BEGIN
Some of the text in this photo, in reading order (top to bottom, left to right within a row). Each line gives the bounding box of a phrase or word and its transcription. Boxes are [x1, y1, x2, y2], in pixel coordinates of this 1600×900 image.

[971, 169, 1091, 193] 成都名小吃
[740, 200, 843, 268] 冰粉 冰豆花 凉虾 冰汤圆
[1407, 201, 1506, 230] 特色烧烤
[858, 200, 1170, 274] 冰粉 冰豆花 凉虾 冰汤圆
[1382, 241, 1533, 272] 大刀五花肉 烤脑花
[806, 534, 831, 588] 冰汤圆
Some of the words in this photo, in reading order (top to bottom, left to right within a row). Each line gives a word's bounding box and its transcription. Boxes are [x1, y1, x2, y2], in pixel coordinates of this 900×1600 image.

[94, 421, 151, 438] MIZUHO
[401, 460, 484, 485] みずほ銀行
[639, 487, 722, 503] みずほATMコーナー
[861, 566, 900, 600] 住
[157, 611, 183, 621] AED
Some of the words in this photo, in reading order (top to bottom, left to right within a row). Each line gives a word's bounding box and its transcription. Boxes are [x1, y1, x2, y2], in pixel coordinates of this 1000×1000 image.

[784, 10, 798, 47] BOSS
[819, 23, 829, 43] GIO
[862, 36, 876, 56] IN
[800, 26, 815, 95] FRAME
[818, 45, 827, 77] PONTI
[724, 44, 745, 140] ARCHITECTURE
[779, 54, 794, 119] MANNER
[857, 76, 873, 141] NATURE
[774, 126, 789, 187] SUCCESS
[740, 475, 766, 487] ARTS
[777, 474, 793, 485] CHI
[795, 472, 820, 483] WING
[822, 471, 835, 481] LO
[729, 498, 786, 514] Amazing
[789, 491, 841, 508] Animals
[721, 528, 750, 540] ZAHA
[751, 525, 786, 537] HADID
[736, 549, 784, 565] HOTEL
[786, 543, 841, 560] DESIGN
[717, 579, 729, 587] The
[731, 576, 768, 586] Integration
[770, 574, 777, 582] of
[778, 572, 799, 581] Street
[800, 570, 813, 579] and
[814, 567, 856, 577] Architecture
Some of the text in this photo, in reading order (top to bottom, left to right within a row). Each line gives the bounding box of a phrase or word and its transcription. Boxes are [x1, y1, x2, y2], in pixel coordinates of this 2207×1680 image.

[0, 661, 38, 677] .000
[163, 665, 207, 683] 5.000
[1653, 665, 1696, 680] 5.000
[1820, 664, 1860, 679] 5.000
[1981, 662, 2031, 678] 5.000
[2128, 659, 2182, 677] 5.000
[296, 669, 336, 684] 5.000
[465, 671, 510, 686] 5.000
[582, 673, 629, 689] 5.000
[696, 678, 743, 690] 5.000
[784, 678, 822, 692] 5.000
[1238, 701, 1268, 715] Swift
END
**EXERCISE INSTRUCTIONS:** Give back the data exactly.

**EXERCISE RESPONSE:**
Some of the text in this photo, in reading order (top to bottom, left to right within a row). Each line gives the bounding box of a phrase or word and its transcription. Boxes are [x1, y1, x2, y2], in pixel coordinates of this 1600×900 image.

[971, 169, 1091, 193] 成都名小吃
[740, 200, 843, 268] 冰粉 冰豆花 凉虾 冰汤圆
[1407, 201, 1506, 230] 特色烧烤
[858, 200, 1170, 274] 冰粉 冰豆花 凉虾 冰汤圆
[1382, 241, 1533, 272] 大刀五花肉 烤脑花
[806, 534, 831, 588] 冰汤圆
Some of the words in this photo, in reading order (top to bottom, left to right within a row). Each line gives a word's bounding box and its transcription. Boxes are [x1, y1, x2, y2], in pixel coordinates of this 900×1600 image.

[94, 421, 151, 438] MIZUHO
[401, 460, 484, 485] みずほ銀行
[639, 487, 722, 503] みずほATMコーナー
[861, 566, 900, 600] 住
[157, 611, 183, 621] AED
Some of the words in this photo, in reading order (top to bottom, left to right within a row). Each line gives a word's bounding box and its transcription. Boxes are [x1, y1, x2, y2], in pixel coordinates of this 1000×1000 image.

[784, 10, 798, 47] BOSS
[819, 23, 829, 43] GIO
[862, 36, 876, 56] IN
[800, 26, 815, 95] FRAME
[818, 45, 827, 77] PONTI
[724, 44, 745, 140] ARCHITECTURE
[779, 54, 794, 119] MANNER
[857, 76, 873, 141] NATURE
[774, 126, 789, 187] SUCCESS
[740, 475, 766, 487] ARTS
[777, 474, 793, 485] CHI
[795, 472, 820, 483] WING
[822, 471, 835, 481] LO
[729, 498, 786, 514] Amazing
[789, 491, 841, 508] Animals
[721, 528, 750, 540] ZAHA
[751, 525, 786, 537] HADID
[736, 549, 784, 565] HOTEL
[786, 543, 841, 560] DESIGN
[717, 579, 729, 587] The
[731, 576, 768, 586] Integration
[770, 574, 777, 582] of
[778, 572, 799, 581] Street
[800, 570, 813, 579] and
[814, 567, 856, 577] Architecture
Some of the text in this photo, in reading order (top to bottom, left to right within a row). Each line gives the bounding box of a phrase or word and its transcription. Boxes are [x1, y1, x2, y2], in pixel coordinates of this 2207×1680 image.

[0, 661, 38, 677] .000
[163, 665, 207, 683] 5.000
[1653, 665, 1696, 680] 5.000
[1820, 664, 1860, 679] 5.000
[1981, 662, 2031, 678] 5.000
[2128, 659, 2182, 677] 5.000
[296, 669, 336, 684] 5.000
[465, 671, 510, 686] 5.000
[582, 673, 629, 689] 5.000
[696, 678, 743, 690] 5.000
[784, 678, 822, 692] 5.000
[1238, 701, 1268, 715] Swift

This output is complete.